I want to create an allocator which provides memory with the following attributes:

  • cannot be paged to disk.
  • is incredibly hard to access through an attached debugger

The idea is that this will contain sensitive information (like licence information) which should be inaccessible to the user. I have done the usual research online and asked a few other people about this, but I cannot find a good place start on this problem.

Updates

Josh mentions using VirtualAlloc to set protection on the memory space. I have created a custom allocator ( shown below ) I have found the using the VirtualLock function it limits the amount of memory I can allocate. This seems to be by design though. Since I am using it for small objects this is not a problem.

//
template<class _Ty>
class LockedVirtualMemAllocator : public std::allocator<_Ty>
{
public:
    template<class _Other>
    LockedVirtualMemAllocator<_Ty>& operator=(const LockedVirtualMemAllocator<_Other>&)
    {   // assign from a related LockedVirtualMemAllocator (do nothing)
        return (*this);
    }

    template<class Other>
    struct rebind {
        typedef LockedVirtualMemAllocator<Other> other;
    };

    pointer allocate( size_type _n )
    {
        SIZE_T  allocLen = (_n * sizeof(_Ty));
        DWORD   allocType = MEM_COMMIT;
        DWORD   allocProtect = PAGE_READWRITE;
        LPVOID pMem = ::VirtualAlloc( NULL, allocLen, allocType, allocProtect );
        if ( pMem != NULL ) {
            ::VirtualLock( pMem, allocLen );
        }
        return reinterpret_cast<pointer>( pMem );
    }
    pointer allocate( size_type _n, const void* )
    {
        return allocate( _n );
    }

    void deallocate(void* _pPtr, size_type _n )
    {
        if ( _pPtr != NULL ) {
            SIZE_T  allocLen = (_n * sizeof(_Ty));
            ::SecureZeroMemory( _pPtr, allocLen );
            ::VirtualUnlock( _pPtr, allocLen );
            ::VirtualFree( _pPtr, 0, MEM_RELEASE );
        }
    }
};

and is used

 //a memory safe std::string
 typedef std::basic_string<char, std::char_traits<char>, 
                           LockedVirtualMemAllocato<char> > modulestring_t;

Ted Percival mentions mlock, but I have no implementation of that yet.

I found Practical Cryptography by Neil Furguson and Bruce Schneier quite helpful as well.

like image 855
roo Avatar asked Aug 12 '08 04:08

roo


1 Answers

You can't really protect against memory access.

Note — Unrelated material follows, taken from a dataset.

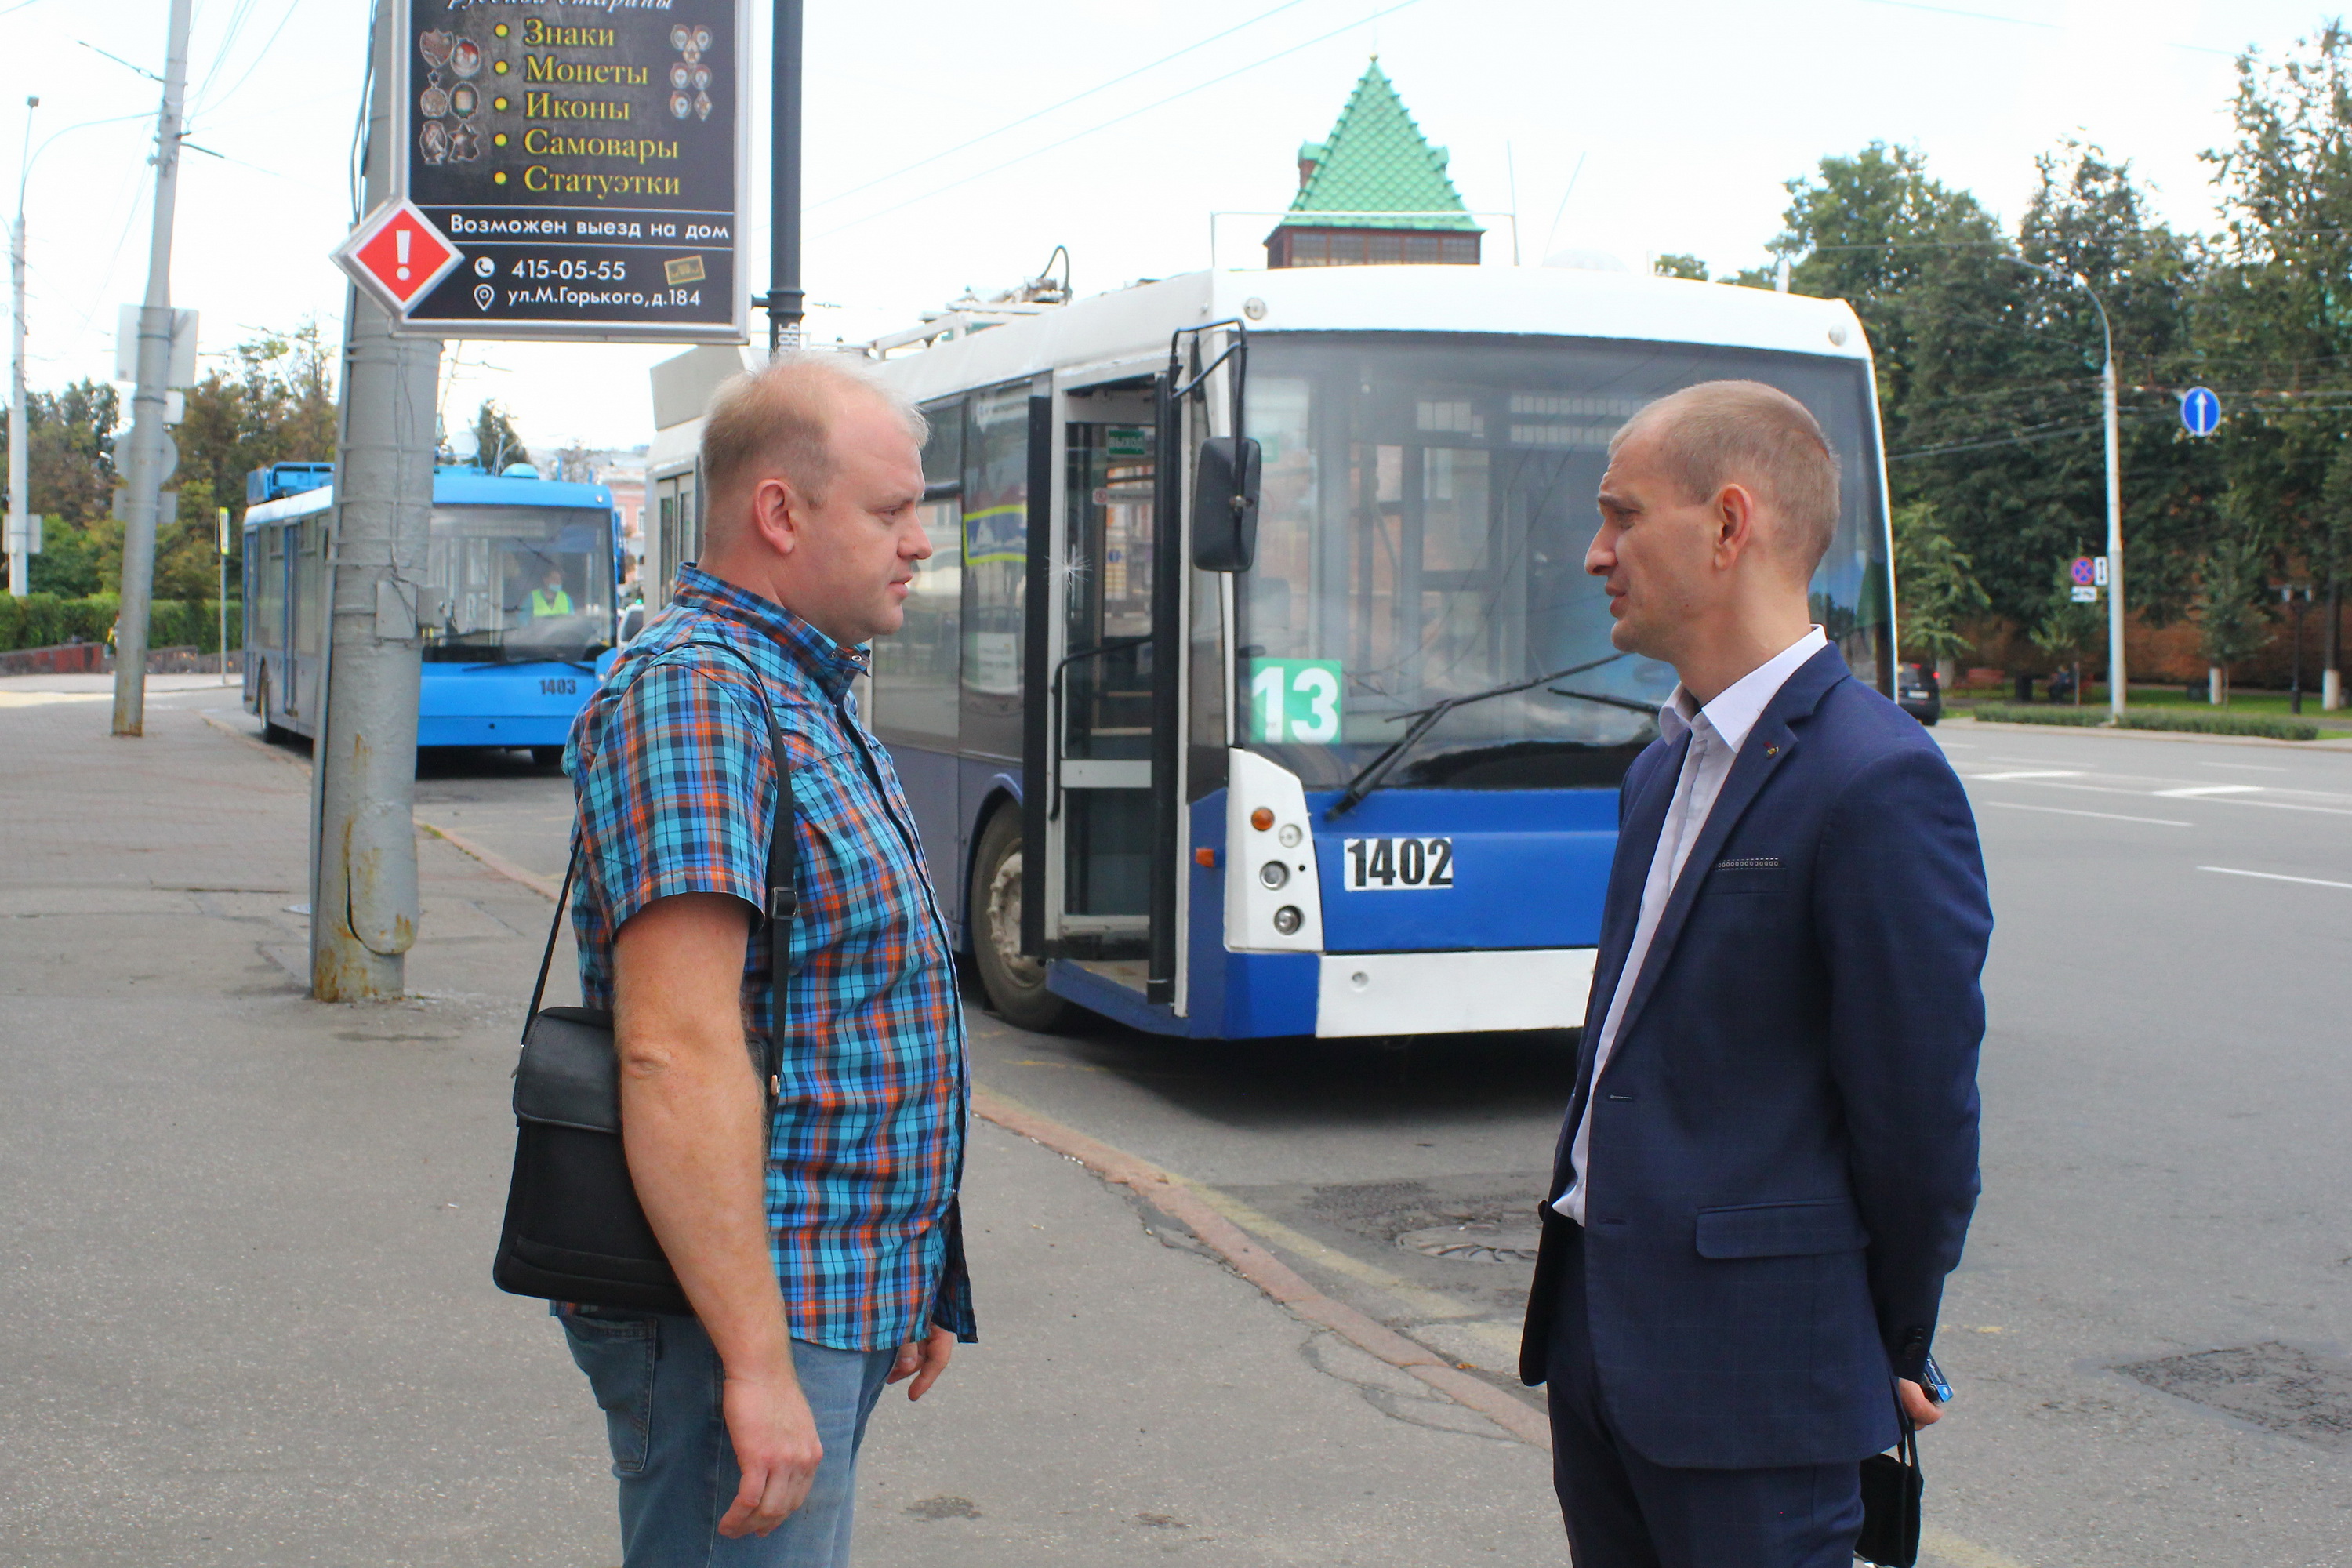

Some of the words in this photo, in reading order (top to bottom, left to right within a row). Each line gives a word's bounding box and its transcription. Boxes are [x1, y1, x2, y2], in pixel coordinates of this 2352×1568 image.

You can probably prevent paging if you are running as an admin or as the system, but you cannot prevent the admin or system from reading your memory. Even if you could somehow completely block other processes from reading your memory (which you can't), another process could still actually inject a new thread into your process and read the memory that way.

Even if you could somehow completely lock down your process and guarantee that the OS would never allow anyone else to access your process, you still don't have full protection. The entire OS could be running in a virtual machine, which could be paused and inspected at any time.

You cannot protect memory contents from the owner of the system. Hollywood and the music industry have been aching for this for years. If it were possible, they'd already be doing it.